ビビッドな発色の液晶ディスプレイ、臨場感たっぷりのサウンド、約270gの世界最軽量(*1)の筺(きょう)体は防水・防塵(IPX5/8、IP6X)に対応。さらには約15時間(*2)のロングバッテリーライフ。充実したAV性能と使いやすさを両立したXperia Z3 Tablet Compactは、どのようにして生みだされたのでしょうか。Xperia Z3 Tablet Compactの設計に携わった斉藤、松原、松本の三氏に話を聞きました。
*1 8インチクラスの液晶を保有するタブレット製品において。2014年10月1日時点
*2 連続ビデオ再生時で約15時間
──Xperia Z3 Tablet Compactのディスプレイが映し出す白色は“白”の純度が高く、ウェブサイトの小さな文字や写真のディティールをくっきりと映しだしているように感じます。透き通るような白色を表現するうえで鍵となったこととは?

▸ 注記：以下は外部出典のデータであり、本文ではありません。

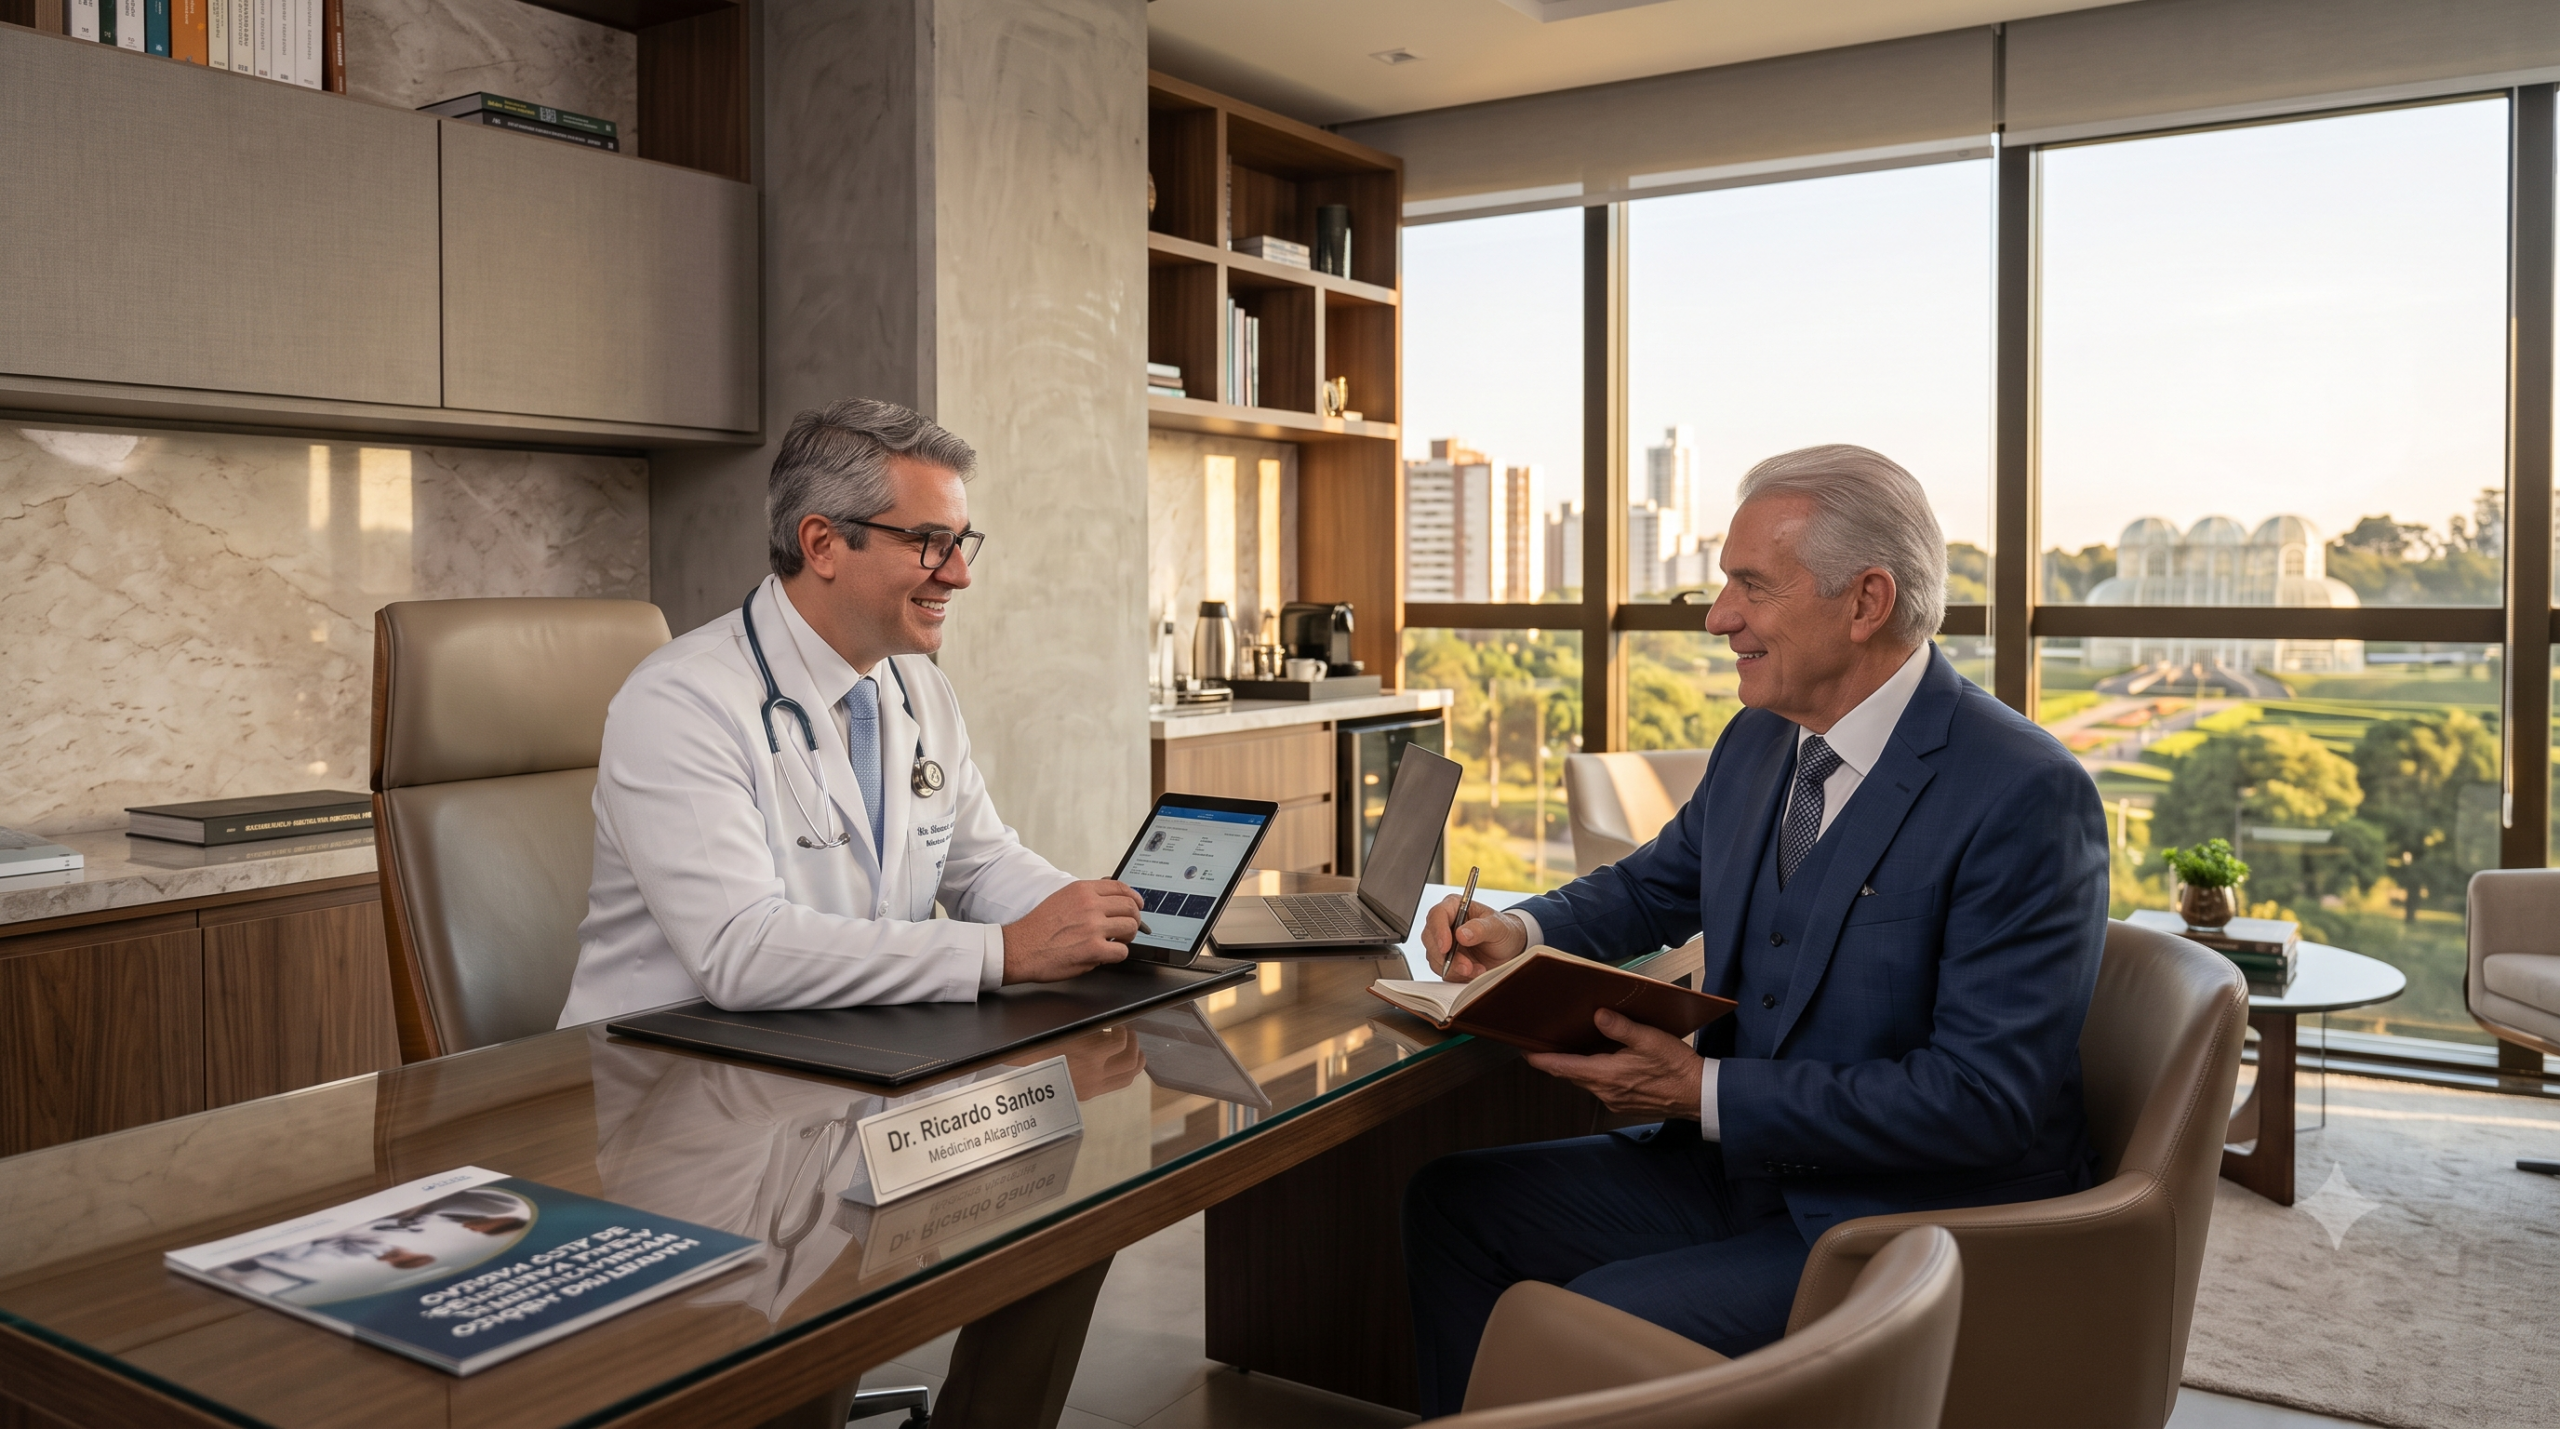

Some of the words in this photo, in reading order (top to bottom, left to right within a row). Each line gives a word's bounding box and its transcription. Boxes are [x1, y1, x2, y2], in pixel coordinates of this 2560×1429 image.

[887, 1130, 917, 1152] Dr.
[920, 1103, 991, 1141] Ricardo
[995, 1084, 1055, 1115] Santos
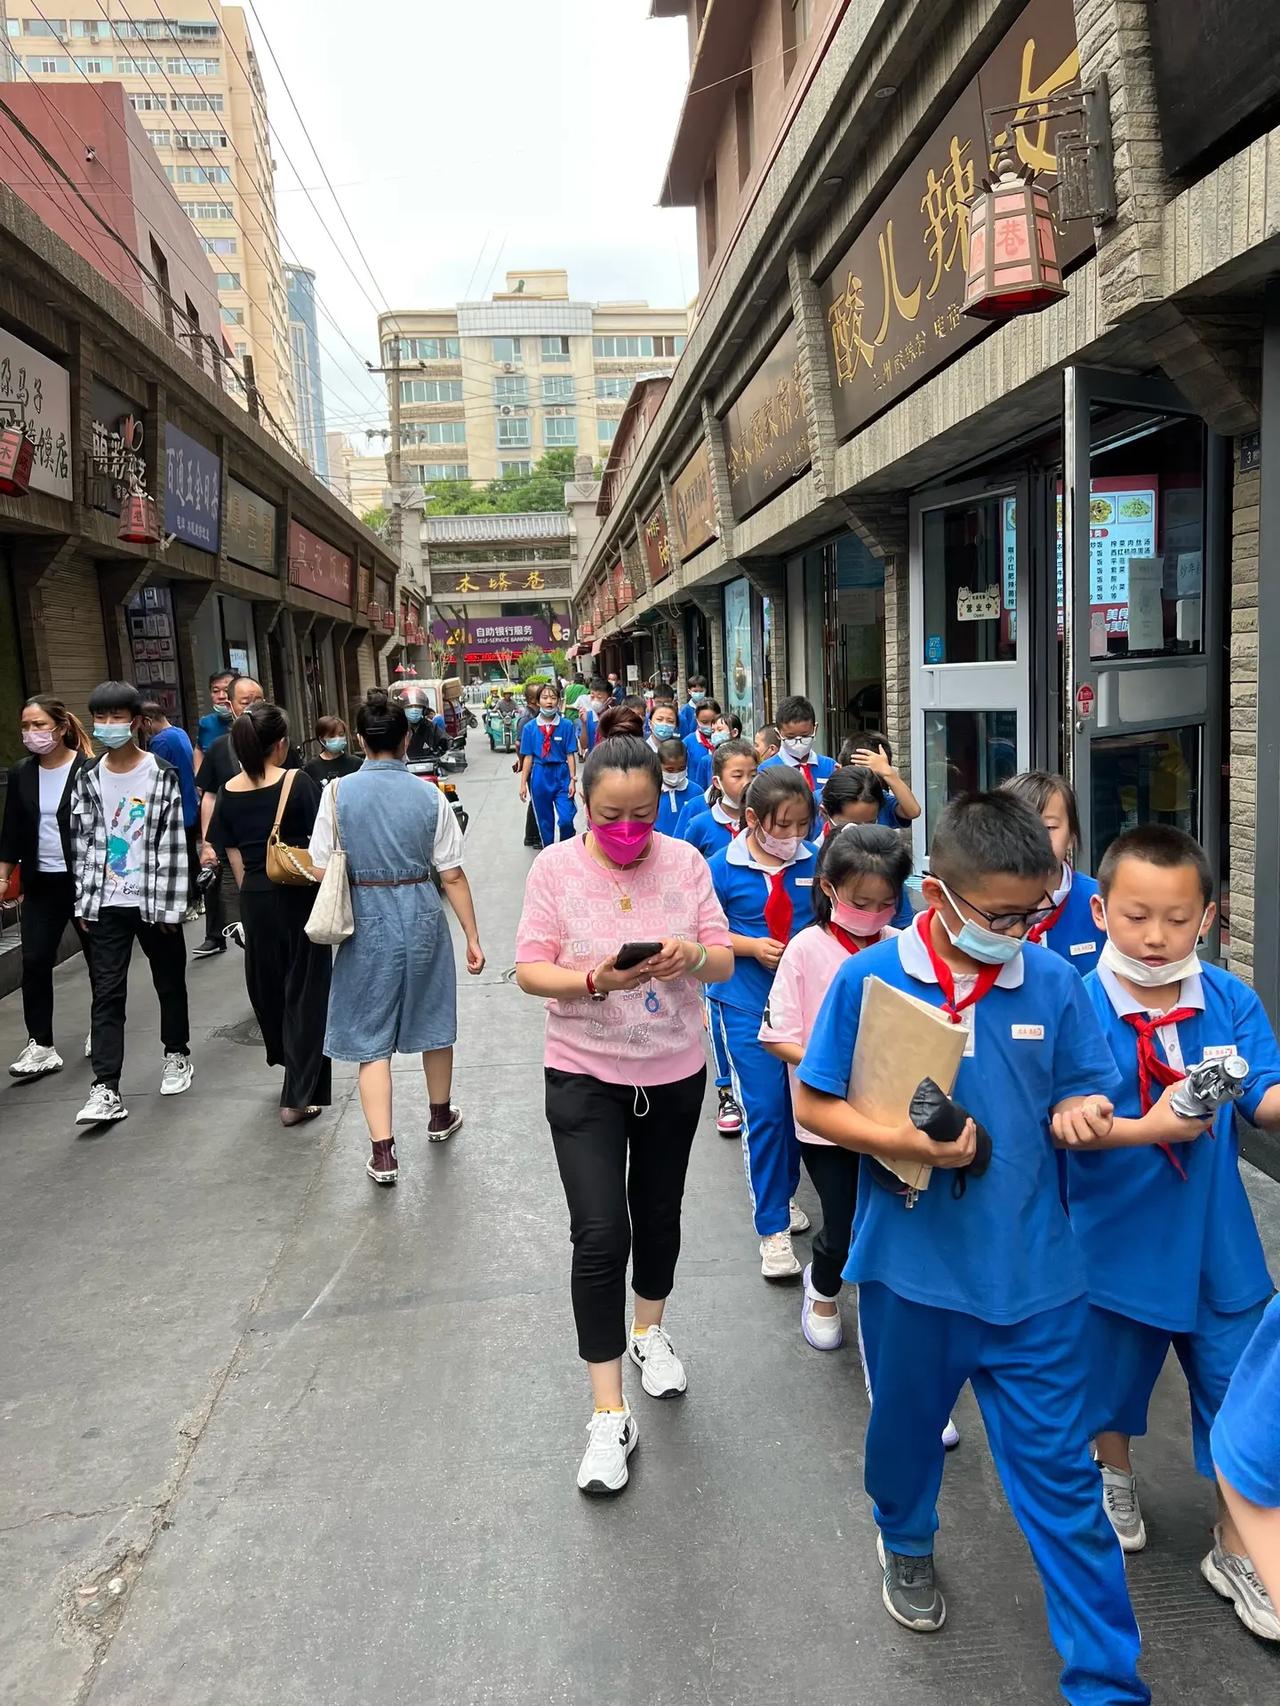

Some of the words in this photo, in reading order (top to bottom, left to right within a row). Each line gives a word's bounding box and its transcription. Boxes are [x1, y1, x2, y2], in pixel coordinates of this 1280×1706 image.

[996, 219, 1025, 257] 巷
[455, 570, 545, 593] 木塔巷
[966, 603, 992, 613] 营业中
[476, 625, 533, 638] 自助银行服务

松原:多くの液晶ディスプレイは、白色LEDを光源とするバックライトの光を透過することで、映像を画面へと映しだしています。一般的に、白色LEDは青色LEDに黄色の蛍光体を加えて白い光を作ることが多いのですが、Xperia Z3 Tablet Compactが採用する「Live Color LED」では黄色の蛍光体の代わりに赤と緑の蛍光体を採用しています。従来この技術は輝度が低めに出てしまうというデメリットがありましたが、蛍光体を含むLED技術の進歩により明るくすることができ、これが綺麗な白色を出す鍵になっています。
──バックライトの白さが際立っているから、画面に映しだされる白も美しく見えるんですね。
松原:そうですね。そして「Live Color LED」が効果を発揮するのは白だけではありません。赤や緑をはじめとするすべての色はバックライトと液晶パネルによって表現されるので、白以外の色の純度や鮮やかさを高めることができます。
「Live Color LED」はXperia Z2から採用している技術ですが、Xperia Z3 Tablet Compactではさらに改良を加えています。白さに磨きをかけると同時に表現可能な色数を増やすことで、夕陽の赤やエメラルドグリーンの海の色など、微妙に変化する色彩の自然な表現が可能になりました。
──バックライトで画面を映し出す液晶ディスプレイは、強い光を受けるとライトの明るさが打ち消されて画面が見えにくくなりますが、Xperia Z3 Tablet Compactは太陽の光がまぶしい屋外でも画面をクッキリと見やすく表示することができますね。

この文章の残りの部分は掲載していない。